The issue centers on actions by Tusk’s pro-EU administration to reject judgments made by some judges appointed during the tenure of the right-wing Law and Justice (PiS) party, which governed Poland from 2015 to 2023.
A Giżycko judge declared the couple’s initial divorce judgment legally “non-existent” because it was approved by one of the “neo-judges” appointed under reforms introduced by former Justice Minister Zbigniew Ziobro.
EU courts later determined that Ziobro’s reforms compromised judicial independence, posing a challenge for Tusk’s government to dismantle the system without compromising legal certainty.
The extent of similar rulings in Poland is uncertain, but the scale is substantial. The country handles approximately 57,000 divorces annually, and numerous routine cases, including divorces, might have been decided by judges appointed under the contentious system.

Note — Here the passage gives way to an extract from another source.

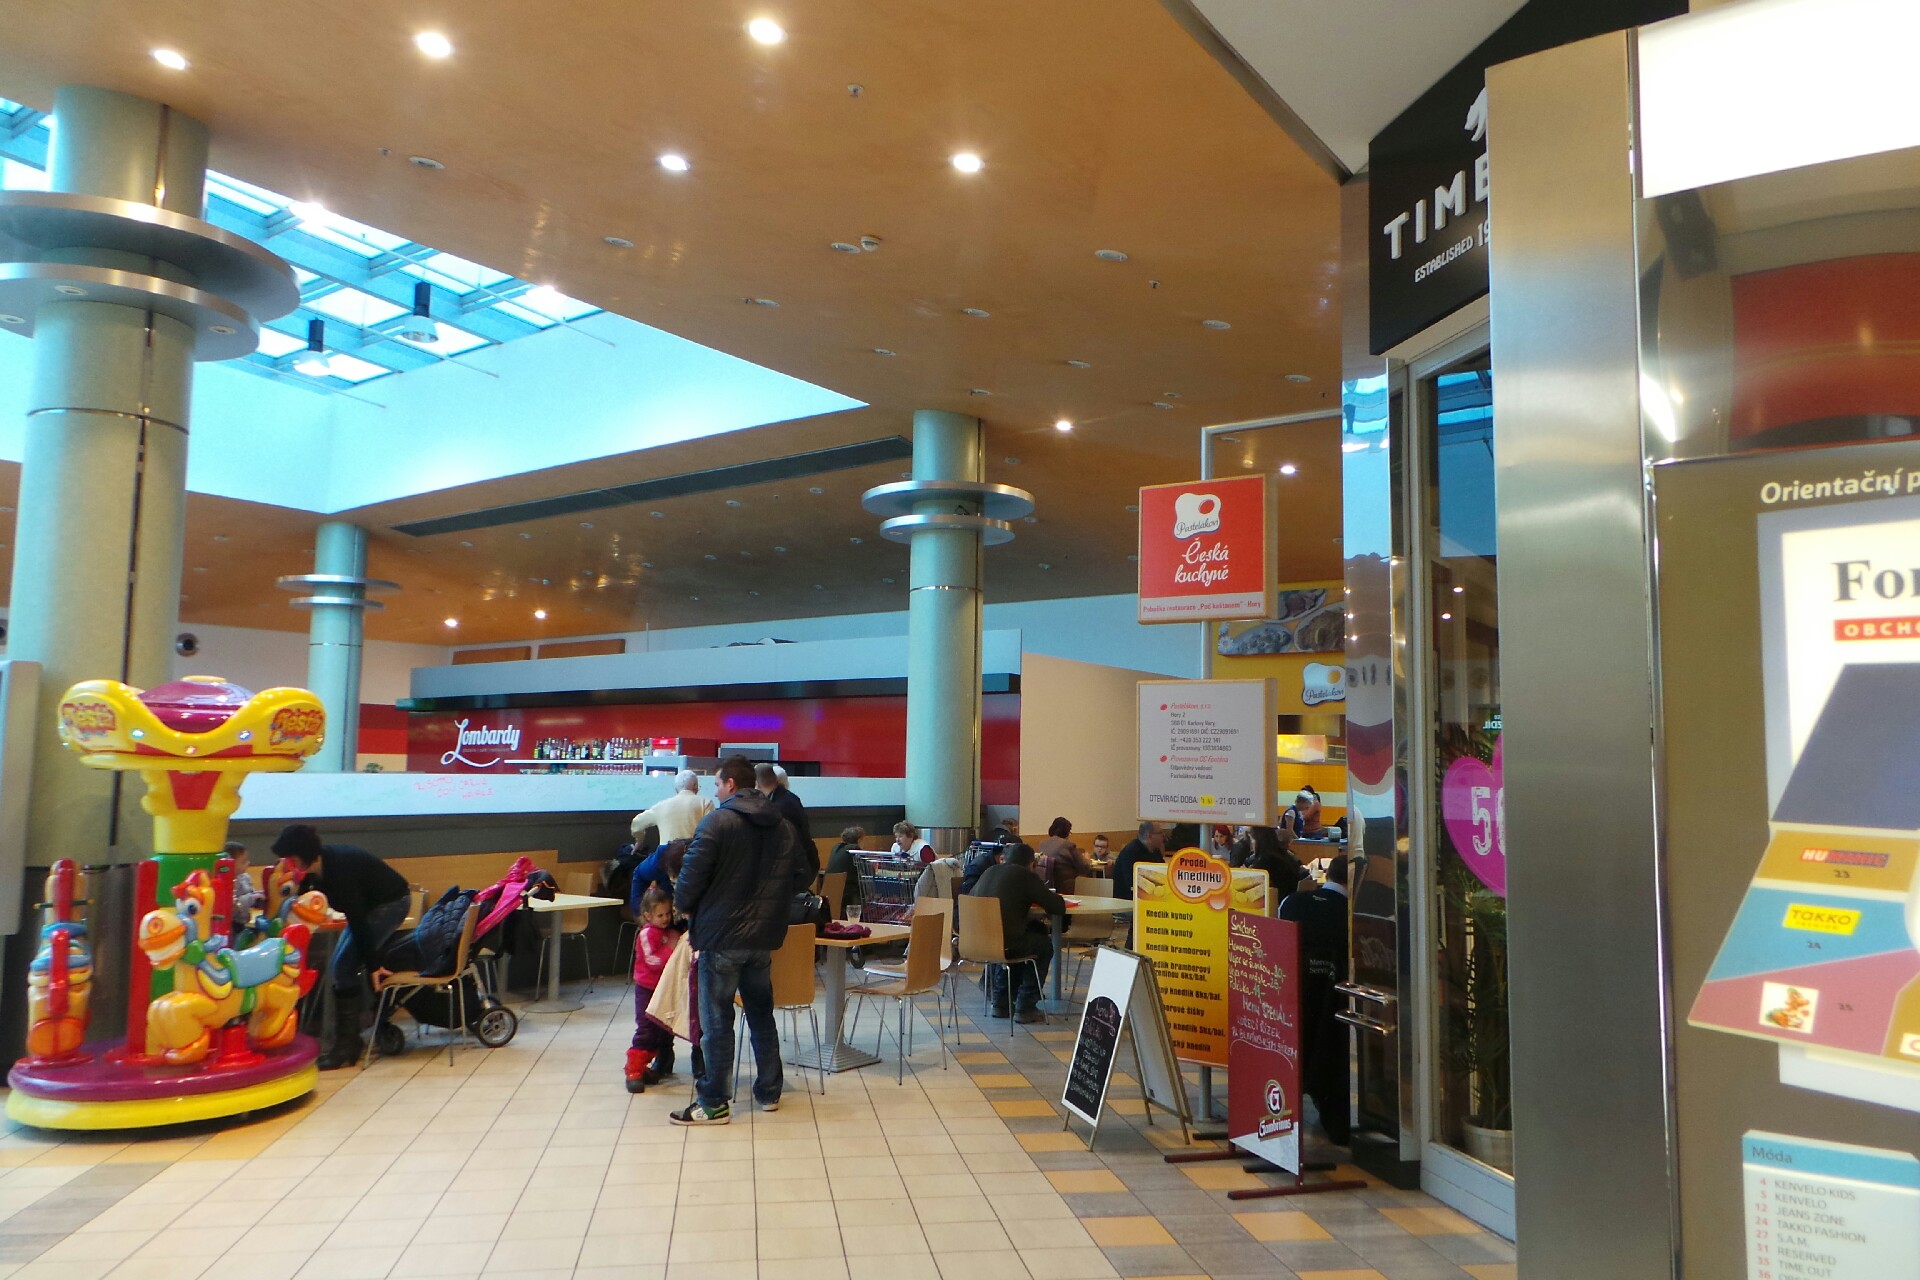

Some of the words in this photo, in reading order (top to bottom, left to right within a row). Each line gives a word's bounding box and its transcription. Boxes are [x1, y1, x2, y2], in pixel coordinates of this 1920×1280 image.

Kinga Skawińska-Pożyczka, a lawyer at the Warsaw firm Dubois i Wspólnicy, criticized the decision as flawed and argued for its reversal on appeal, stating a court dealing with a property dispute should not challenge the validity of a final divorce judgment. “The Giżycko ruling should be viewed as an exception, not a precedent,” she asserted.
Others cautioned that even isolated decisions could have broader implications. “A system that begins mass-questioning its own rulings ceases to be a system,” said Bartosz Stasik, a lawyer from Wrocław. “Nobody wants to tell thousands of people their divorces, inheritances, or judgments are invalid — but every avalanche starts with a single stone.”